If you’re the kind of person who reads my blog there’s a fair chance that you’ve heard of the Investigatory Powers bill. If not, I suggest you read up about it. It’s a proposed piece of UK legislation for the bulk recording and storage of personal communications data for security purposes. This blog post isn’t about the IP bill though – it’s about something that’s much less controversial and yet already far more ubiquitous – CCTV.
I’ve blogged about CCTV before and was motivated to do so again today after reading about the one year anniversary of the Metropolitan Police’s 300% capacity increase for Automatic Number Plate Recognition after gaining access to Transport for London’s (TfL) network of around 1400 ANPR cameras used for the London Congestion Charge, the Low Emission Zone and other traffic monitoring.
My ongoing concerns include the possibility of the extension of the above system to go beyond sharing just numberplate data to transmitting full images as well as the spread of private-sector pre-crime systems like Facewatch. The concept of that service is to enable the sharing of pictures of potential criminals, and other undesirables, with a central system so that facial recognition can automatically detect them in CCTV covered locations and alert subscribers.

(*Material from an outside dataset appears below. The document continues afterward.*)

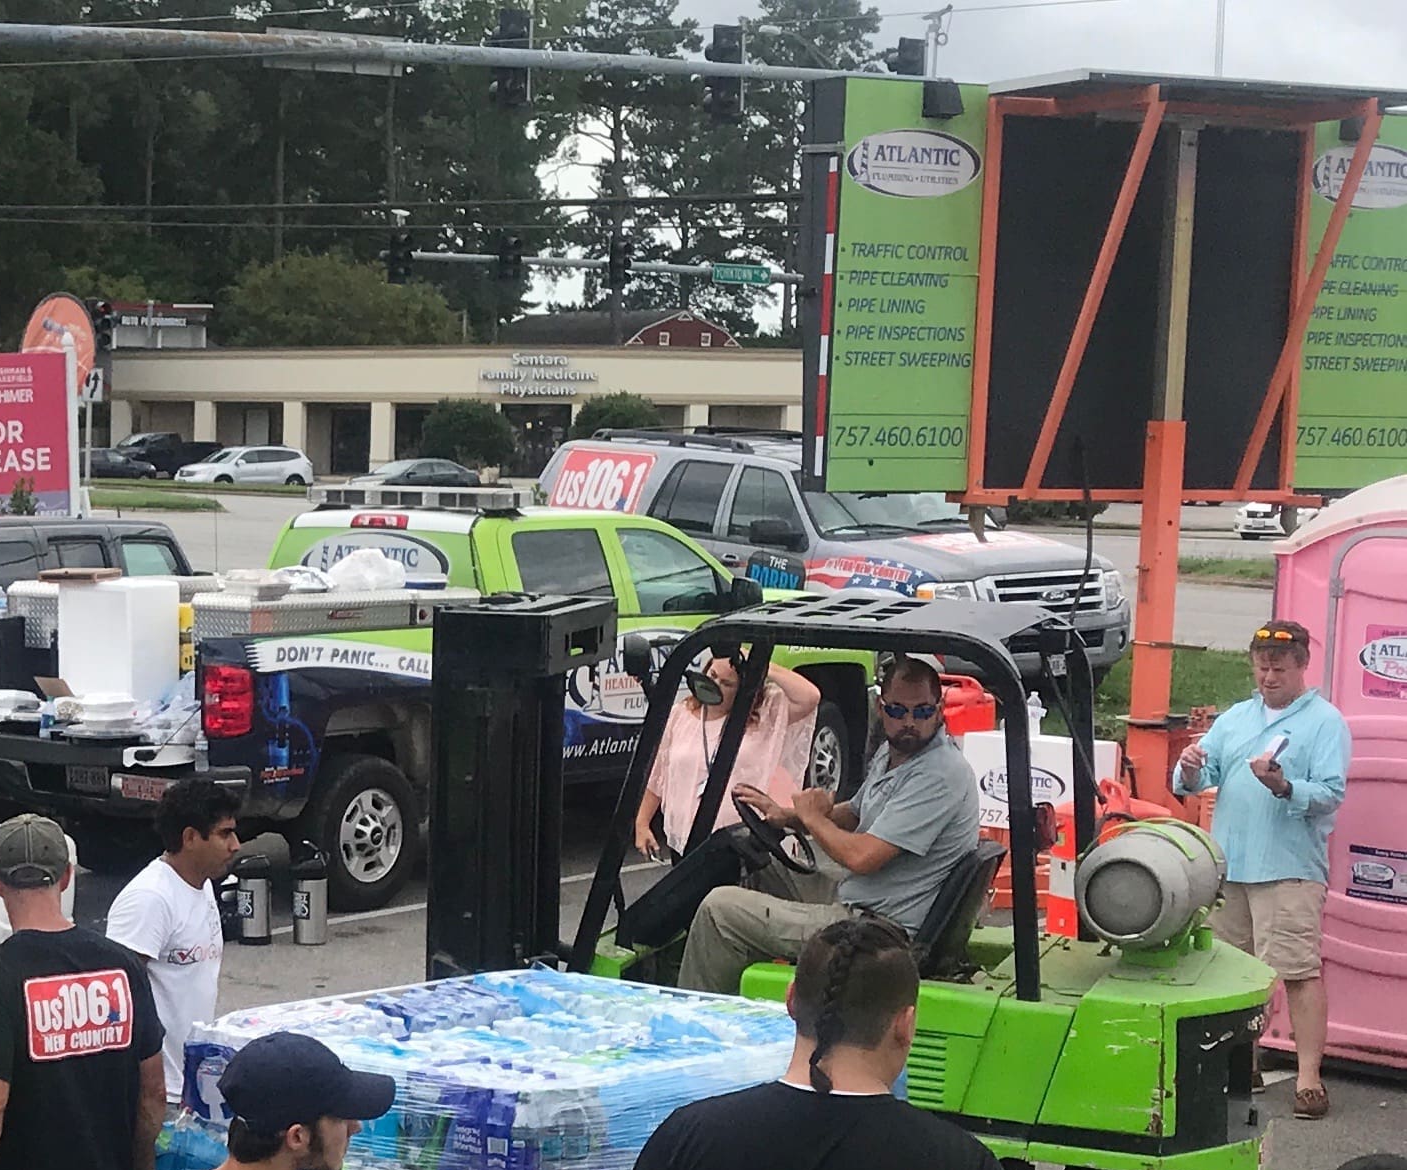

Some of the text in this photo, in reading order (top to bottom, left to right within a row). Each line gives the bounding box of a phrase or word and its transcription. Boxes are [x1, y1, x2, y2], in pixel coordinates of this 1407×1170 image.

In short I was all set to bemoan not just our continued amble into a surveillance state but the apparent lack of anyone caring about it.
However, in my research I discovered the Big Brother Watch report Are They Still Watching Us. This is a very well put together document that covers the positive and negative impact of CCTV in the UK. The fact that it has an introduction from Surveillance Commissioner Tony Porter speaks volumes.
The report shows that, in some local authorities, the use of CCTV is actually decreasing – although it is quick to point out that this is likely to be due to austerity rather than any principles about free movement in public spaces.
The report makes four key policy recommendations:
- Any improvement of systems to include additional capabilities such as smart technology, biometrics or linking systems must consider the increased risk to citizen’s privacy. This should be clearly addressed in the business case and privacy impact assessment.
- Local authorities should regularly report statistics on the number of crimes detected, investigated and solved by each camera to demonstrate the necessity.
- A single point of contact should be created to oversee CCTV use and resolve complaints.
- A single, enforceable Code of Practice which applies to all CCTV cameras should be released.
It goes on to note that since there is no register of the use of CCTV in the UK we don’t know officially how many cameras there. That said, industry estimates show that, while in some areas the density of surveillance is reversing, in London there has been an overall 50% increase in cameras since 2012 with Hackney now having one camera for every 90 residents.
In his foreword Mr Porter says:
“My team is developing a process – a ‘Passport to Compliance’ – which will allow local authorities to follow an incremental and intelligent approach to considering whether a new surveillance camera system is essential. It begins with the question; ‘why do we want surveillance cameras and is there a legitimate and pressing need for them?’
It will provide a framework and guidance schedule to ensure that every pound of public money spent on surveillance camera systems is spent wisely. It will ensure local authorities comply with the Surveillance Camera Code of Practice. This report neatly highlights the imperative of implementing such a process”
I hope that this report, the work of the Commissioner and the drive for open data in both the UK national and local governments will come together to realign this country’s use of CCTV to something more proportionate, cost effective and respectful of citizen’s rights of free unwatched movement.